I can’t believe no one has said this yet: “Grow up NightRabbit!”
You’re 25, not 15. Not even 19. At this point in your life, you should either be done with school or heavily invested (financially and in every other way) in graduate or other schooling. You should be gainfully employed to either pay for that schooling or to pay your own way. You have been educated, nurtured and groomed to be independent–go be independent. That means making decisions that have long term effects on your life and the lives of people you care about. No marriage or kids for you? That’s great.
It does not mean snarking on those who have made different decisions than your own. Perhaps you are happy in this arrested development–others aren’t. Why should they be? Not everyone wants to stay in the playpen–which has its own downsides, which I note you have neglected to mention.
Is this about your best female friend getting married or something?

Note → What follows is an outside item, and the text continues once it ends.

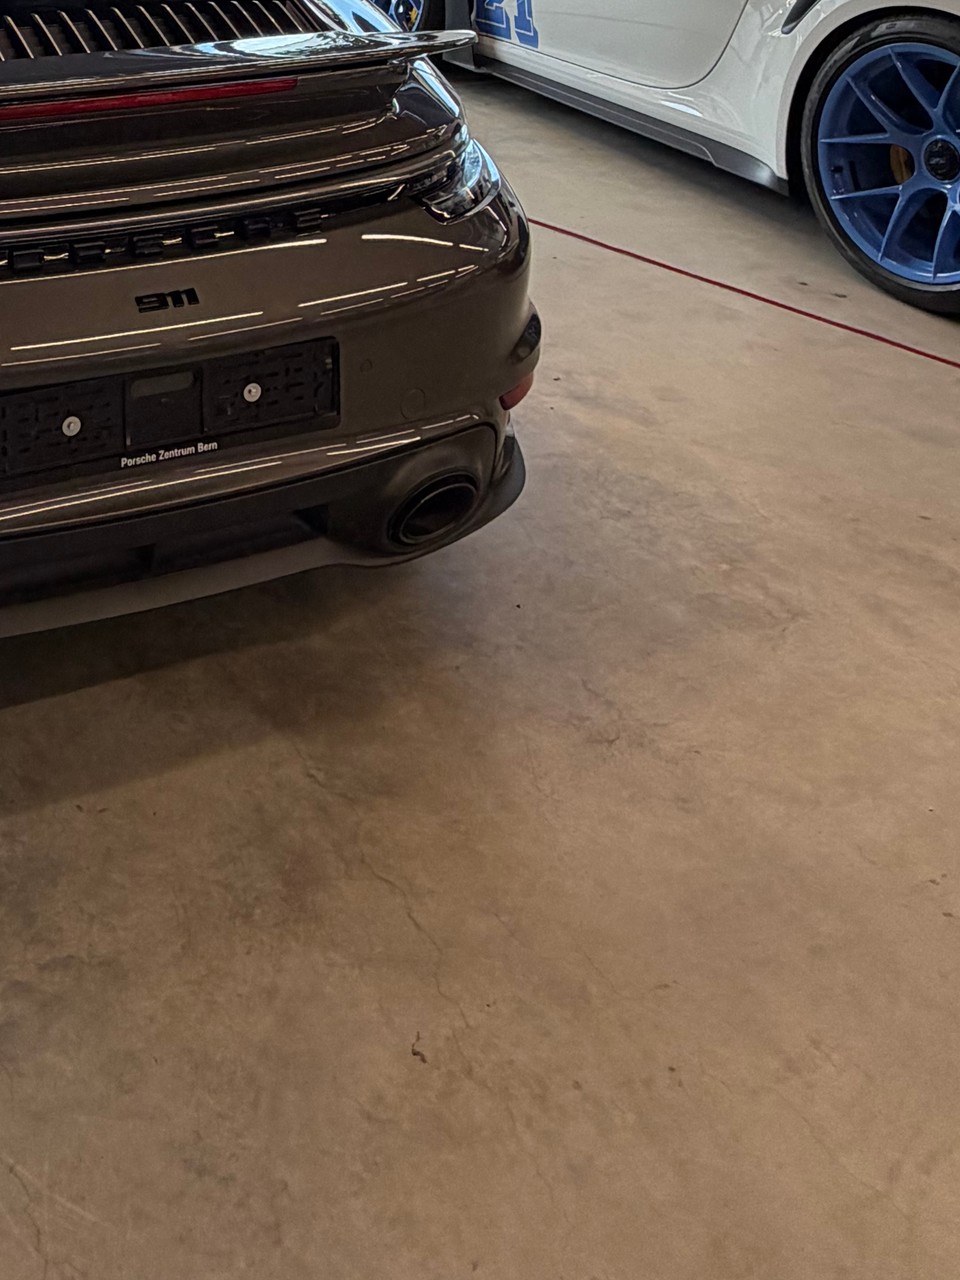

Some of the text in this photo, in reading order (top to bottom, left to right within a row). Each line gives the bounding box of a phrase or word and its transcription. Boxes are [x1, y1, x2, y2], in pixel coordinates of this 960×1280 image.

I got married at 24. I was one of those who thought it would all work out. It hasn’t. I don’t blame my age at marriage for that, though.
My SIL didn’t find a man she wanted to marry until she was in her 30s. They waited to have kids. She is now 44, mother of a 6 year old Kindergartner and twin 4 year olds. Her husband (aka Dave the Dickhead, but that’s for another thread) is 10 years older than she is (she married her boss).
Let’s do some math: when their oldest (and btw, these kids only came about via expensive fertility treatments) is graduating from HS (and they held her back a year–to give her “advantage”)–her father will be 67; 69 when the twins go off to college. I do hope that college is LESS expensive in future (hah!) and that he has saved well all these years of singlehood–he’s going to need every penny. They didn’t buy a house until she was pregnant, so that mortgage (actually 2 mortgages) won’t be paid off, either.
This is adulthood. Grow up. If the thought has never crossed your mind re kids (wanting or not wanting them) and you’re a 25 year old female, you’re developmentally delayed. No one will judge you (here) if you don’t have kids–for some, like mothers and grandmothers, it can be a very big deal–but to criticize others for getting married and having them while in their 20s seems a bit over the top.
Dangerosa is quite correct re the biological clock. You may be a Bright Young Thing, having fun and going places in your mind, but your body has moved on. That’s just the way it is.